Los Angeles Hadoop Users Group- LA-HUG Message Board › Questions for Hadoop Community
|A former member||
I'm part of a small group of UCI business grad students and we are looking at the "Hadoop market" - and challenges related to it
I'm hoping to get a discussion going based on the questions below
Questions for Hadoop communities
1) Which do you think is more attractive for Hadoop, commodity HW or customized HW? Why?
2) If customized HW could improve the current Hadoop performance, do you think it would be interesting for users?
|A former member||
Thanks for reaching out to us!
I'd be happy to offer a personal opinion (based on what I've seen).
1) In general, commodity hardware is preferable. Most organizations have commodity servers that have been reclaimed from other business uses (serving up web content, for example) and added to Hadoop clusters to achieve business value by enabling fast computations.

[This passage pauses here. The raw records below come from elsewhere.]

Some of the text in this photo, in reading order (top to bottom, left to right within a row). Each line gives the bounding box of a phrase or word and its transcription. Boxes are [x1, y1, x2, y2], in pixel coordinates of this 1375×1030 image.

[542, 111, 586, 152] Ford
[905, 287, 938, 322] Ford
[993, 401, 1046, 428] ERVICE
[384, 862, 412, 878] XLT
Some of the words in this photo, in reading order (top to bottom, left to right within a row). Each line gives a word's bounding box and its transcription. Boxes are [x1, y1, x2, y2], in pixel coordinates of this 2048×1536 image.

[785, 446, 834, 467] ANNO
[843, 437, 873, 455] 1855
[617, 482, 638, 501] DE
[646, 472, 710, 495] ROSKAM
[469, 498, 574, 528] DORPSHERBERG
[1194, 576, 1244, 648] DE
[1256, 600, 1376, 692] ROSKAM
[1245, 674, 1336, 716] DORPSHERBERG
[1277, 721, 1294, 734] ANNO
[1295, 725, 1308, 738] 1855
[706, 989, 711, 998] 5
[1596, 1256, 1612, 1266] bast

Part of Hadoop's main benefit is that if our computation pipeline isn't fast enough, we can add machines to the cluster on-the-fly to achieve better performance. So if something takes 10 hours on one machine and we can split up the job over five machines so that each worker machine completes its work in 2 hours, we've achieved a 5x speedup. This ability to resize clusters is more significant if we're using commodity hardware, since it's easier to get business approval to re-use existing machines rather than to purchase new hardware.

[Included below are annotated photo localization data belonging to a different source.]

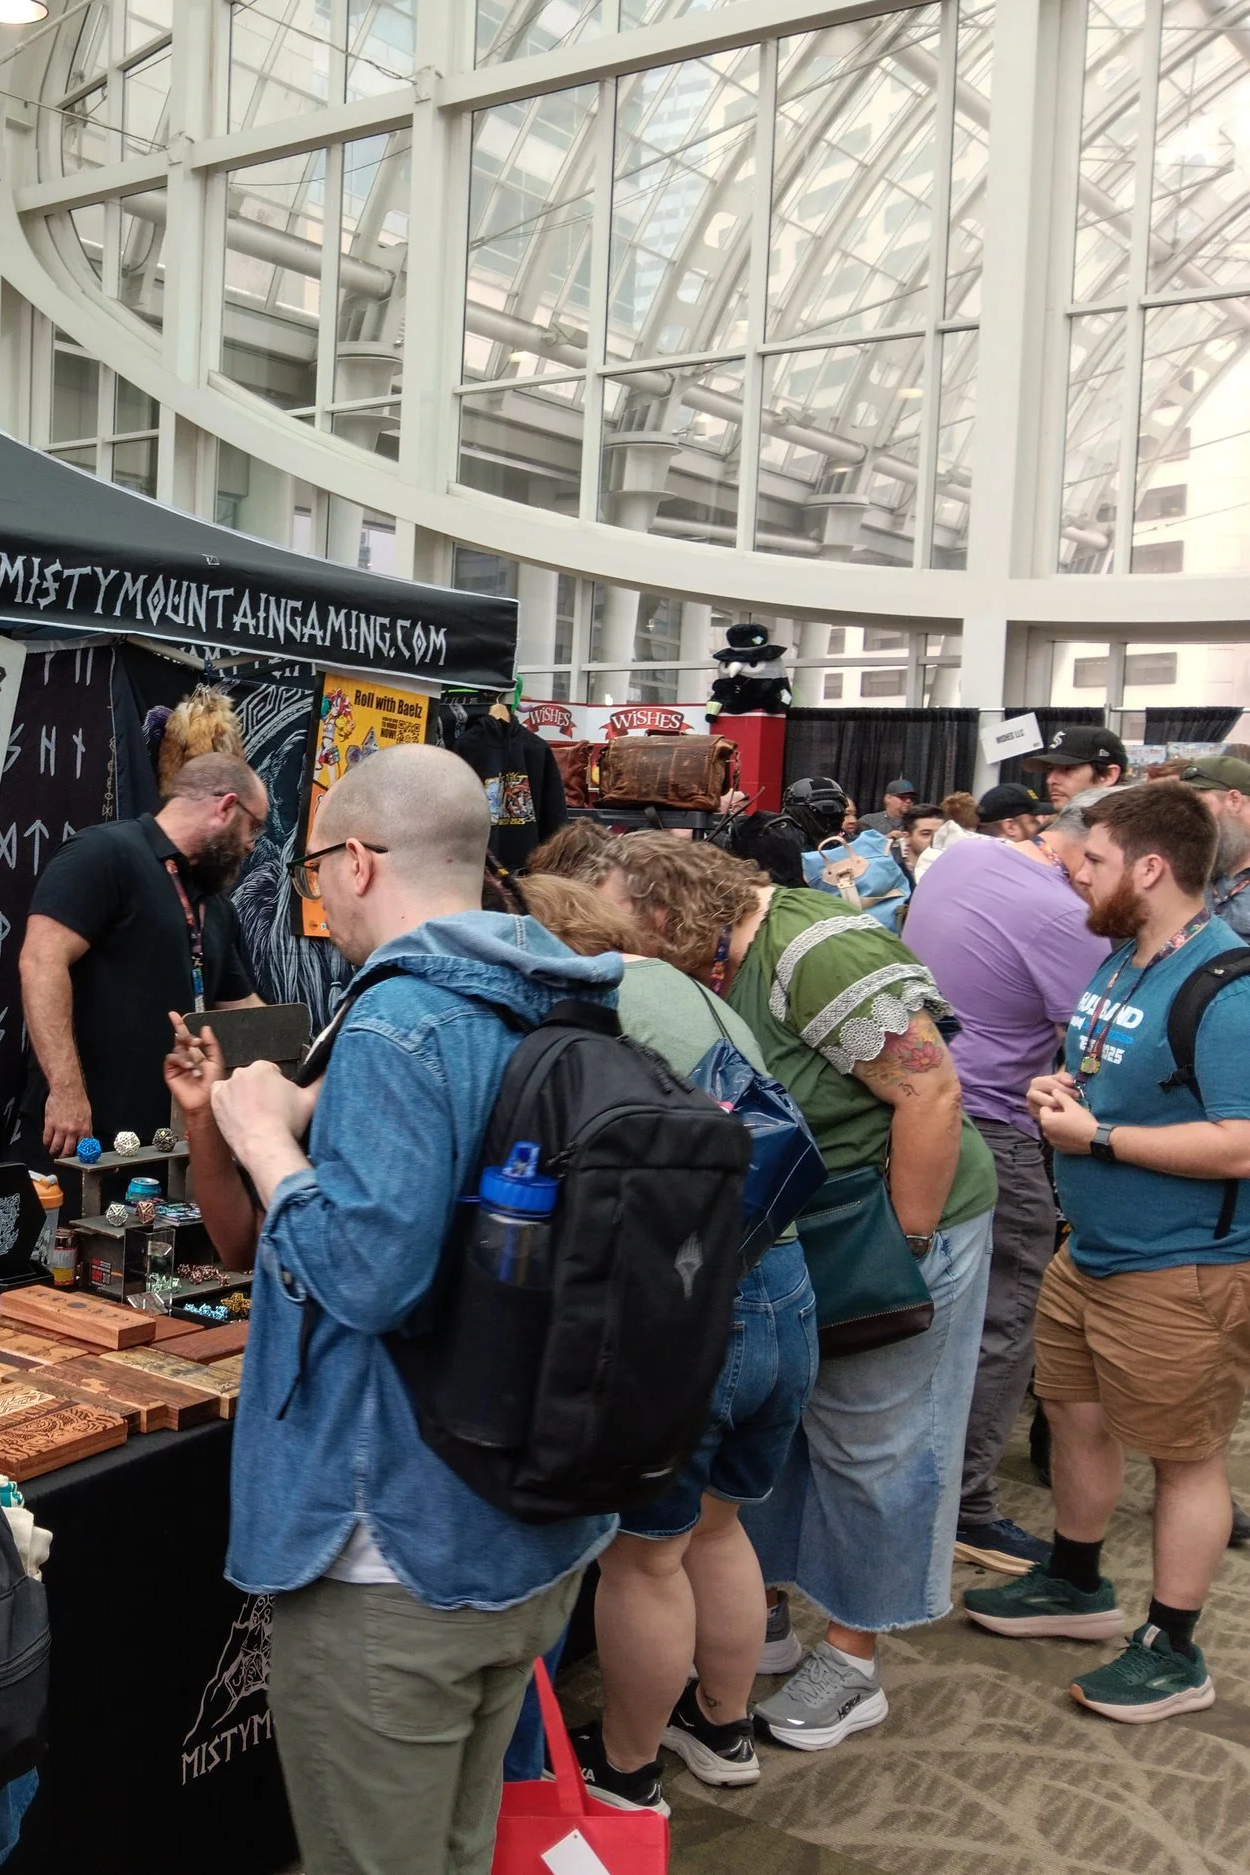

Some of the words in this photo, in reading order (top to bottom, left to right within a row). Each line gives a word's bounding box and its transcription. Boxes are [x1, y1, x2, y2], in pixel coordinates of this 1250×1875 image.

[354, 689, 375, 708] Roll
[375, 695, 397, 713] with
[397, 699, 423, 719] Baelz
[838, 1694, 860, 1721] HOKA
[182, 1709, 272, 1786] MISTYM

2) Of course Hadoop users would find it interesting. For instance, Amazon recently started offering specialized elastic mapreduce services, like high-performance computing nodes featuring GPU-enabled processors (which are fast for certain types of problems). http://aws.amazon.com...
That also brings up a different point; many Hadoop users, both individual and corporate, begin using Hadoop on Amazon EC2/EMR, due to the lack of upfront investment. Larger companies tend to invest in building clusters in-house once running a cluster on EC2 becomes too expensive. So many developers may be excited by faster performance of new machines, but won't have access to this hardware unless cloud providers begin offering it.
It may be interesting market research for you to determine what proportion of users use cloud providers (Amazon or otherwise) to run their Hadoop clusters.